A lot has changed since we last saw Metal Gear Solid
on the Playstation 3, the stealth and controls have seen a massive overhaul for the better, making the world feel more dangerous and dynamic than ever. While the option to keep controls faithful to previous iterations are present, there is a layout that is straight up mimicking what you would see in modern day shooters like Battlefield
or Call of Duty
. Both work fine but the refined shooter controls just feel more grounded to what we have gotten used to in the past few years and naturally feel much tighter than anything else offered in the game. Guards seem to be more capable than before, dynamically shifting based on every mistake and move you make as you rummage your way around the base. If you leave a guard that you killed out in the open or shoot a camera in fear of being seen, be prepared to face the consequences as guards will quickly react and adapt to the situation. If you catch a guard’s attention and take him out before he can check back in with his commanding officer, more guards will be dispatched to figure out what happened to their missing comrade. There is certainly the idea of everything going back to normal once you are out of sight for a substantial amount of time, but in general it seems the guards in Ground Zeroes
have a much longer memory span than most guards in other stealth titles.
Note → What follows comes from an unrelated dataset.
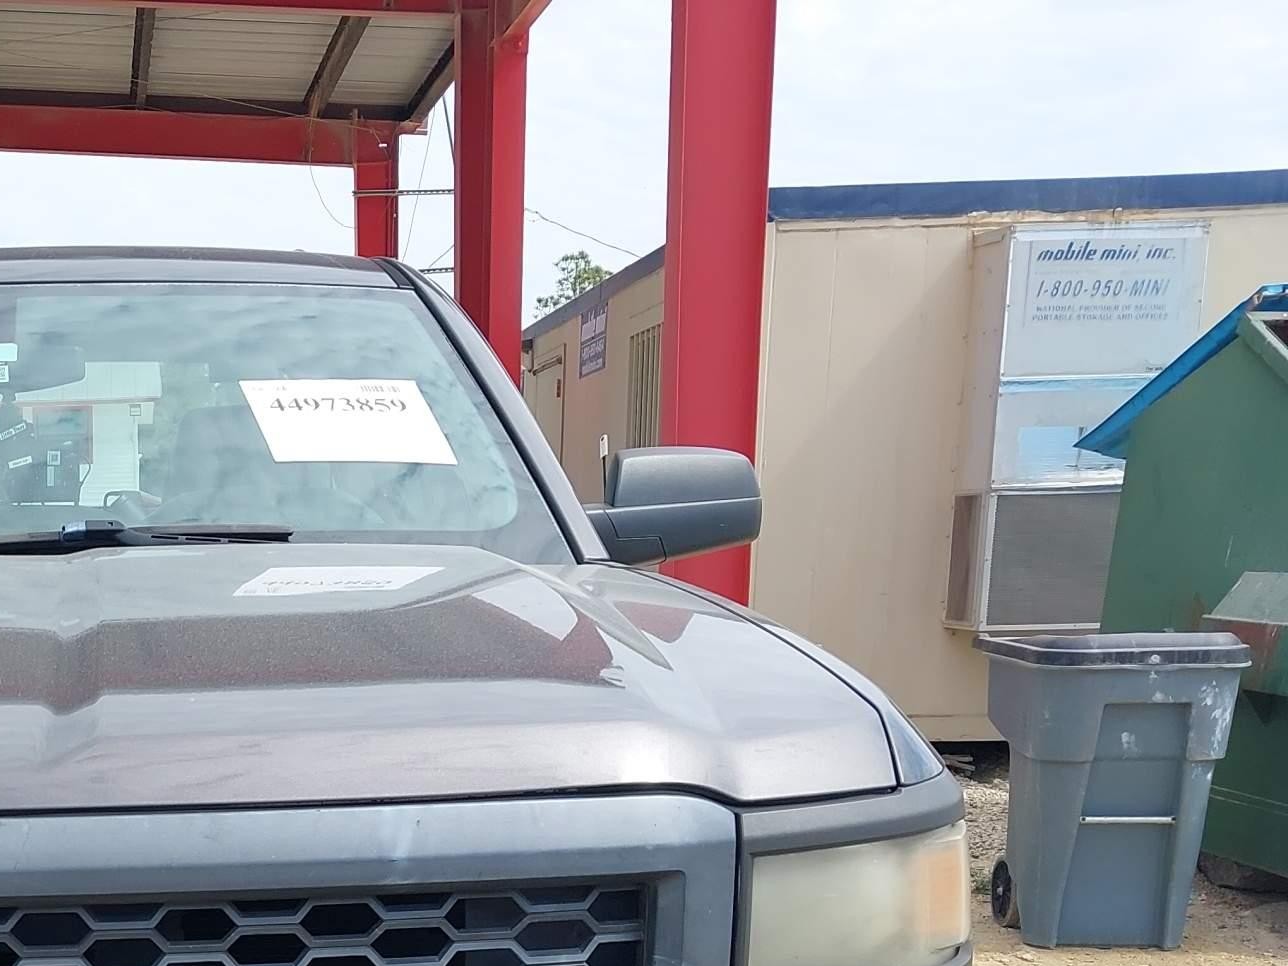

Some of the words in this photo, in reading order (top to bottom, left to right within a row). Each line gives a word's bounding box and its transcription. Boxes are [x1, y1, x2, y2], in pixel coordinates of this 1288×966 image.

[1036, 240, 1098, 262] mobile
[1145, 244, 1177, 260] inc.
[1035, 278, 1171, 299] 1-800-950-MINI
[269, 397, 407, 412] 44973859
Snake has also learned some new tricks himself, being able to sprint and use a quick dive to escape detection at the last second makes gameplay move along quicker and more efficiently. Building on what MGS 4
experimented with, the basic shooting has been improved even more making a complete action playthrough perfectly viable rather than the standard sneaky approach. Obviously, stealth is still the way to play and due to the open nature there is a lot of stuff to find and explore. Want to find extra ammunition for your guns or narrow down your search for your objective? Hang back and eavesdrop on chatty guards or sneak up on one and interrogate him to see what he knows. The action game is there for folks want it but the rewards are much more bountiful to those who wait and play it slow. The new additions along with the refined original mechanics meld together well, making a great playing, cohesive stealth experience that truly lets you play how you wish.
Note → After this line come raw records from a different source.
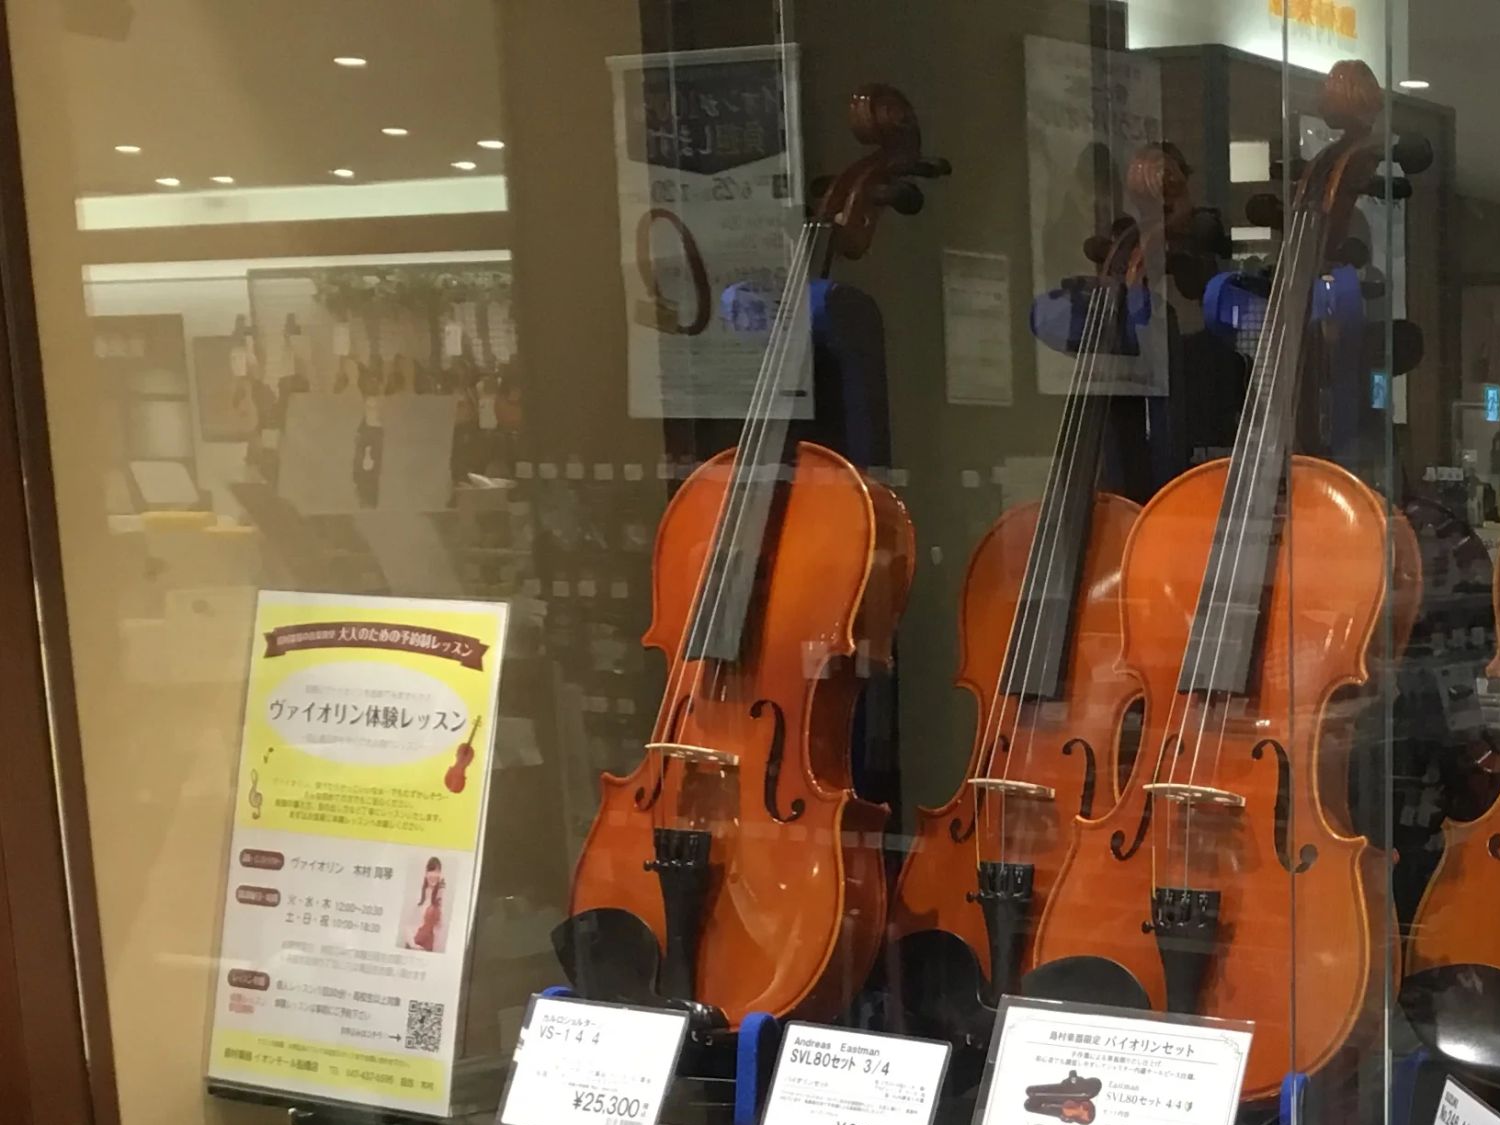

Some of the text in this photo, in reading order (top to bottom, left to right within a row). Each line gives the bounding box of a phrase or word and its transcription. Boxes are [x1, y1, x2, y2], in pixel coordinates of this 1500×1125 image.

[269, 698, 466, 732] ヴァイオリン体験レッスン
[290, 857, 344, 874] ヴァイオリン
[794, 1036, 880, 1057] Andreas Eastman
[1105, 1036, 1195, 1058] バイオリンセット
[790, 1048, 890, 1076] SVL80セット 3/4
[572, 1090, 641, 1118] ¥25,300
The initial shock factor of paying $30 for a 90 minute game may seem like slap in the face, but there is plenty to do after the credits roll to more than justify the price tag. Once you play through the entire story, new missions known as side ops open up and take place on the same battlefield the main story does. These vary from assassinating two specific guards deep within the compounds walls or interrogating a high ranking officer and slipping out unnoticed with the information. The really exciting and fascinating structures behind a few of these missions are the problem solving aspects of each one. At one point in the story you are presented with a tape filled with sound cues that will lead you to your target objective. Once the tape is over that’s it, there is no mission pointer or icon, it is up to you and your intuition to discover the origin of the noises and lead yourself into the correct location. Similarly are the side missions where you need to find specific targets, rather than providing you with simple mini-map icon up front, you need to identify each person by face via the photos you receive before you can mark them on your handy map. It’s the little things like this that really amp up the feeling you get while sneaking around, making you feel like the spy Big Boss is built up to be.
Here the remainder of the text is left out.